My chosen night spot was Nethermost Pike (890 m). The classic place to camp would be next to Grisedale Tarn (2 km further on), but I wanted a wilderness experience (as far as this can be possible in somewhere as popular as the Lake District). Nethermost Pike is pretty much flat topped, but there is a slightly (6-8′) lower plateau on the Eastern Edge and with the wind coming from the West it was slightly sheltered. Also it offered a better view from ground (my kitchen / bed!) level.
It was really glorious on the Sunday morning with only the Herdwick for company, the air was clearer and I didn’t see a soul until I descended to Grisdale Tarn to collect some water.

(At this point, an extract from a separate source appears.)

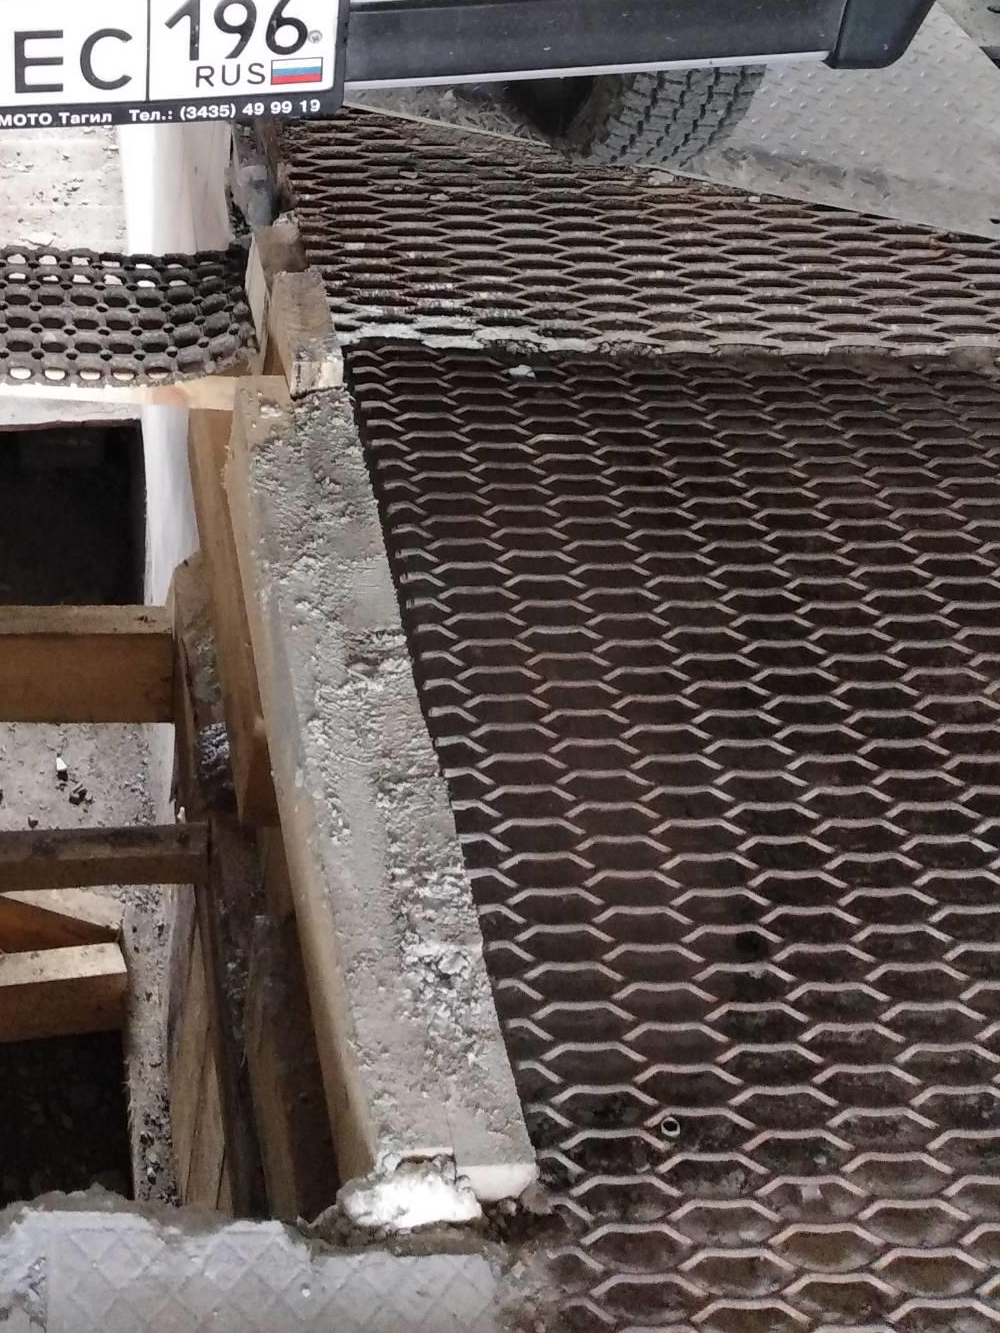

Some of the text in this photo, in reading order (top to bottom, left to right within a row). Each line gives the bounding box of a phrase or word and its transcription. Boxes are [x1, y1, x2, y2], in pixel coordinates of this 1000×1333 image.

[195, 62, 266, 88] RUS
[59, 111, 112, 125] Тагил
[129, 98, 321, 122] Тел.: (3435) 49 99 19

After a longer than expected detour to take in the top of St Sunday’s Crag I had my lunch on top of Fairfield and then started the descent via Hart Crag, Dove Crag then High and Low Pike into Ambleside. There I was able to celebrate with a pint of Windermere Pale from the Hawkshead Brewery. A great example of a modern British pale ale
The whole route totalled 23 miles with only 6000′ of height gain. Next time I’d like to tackle it in the winter.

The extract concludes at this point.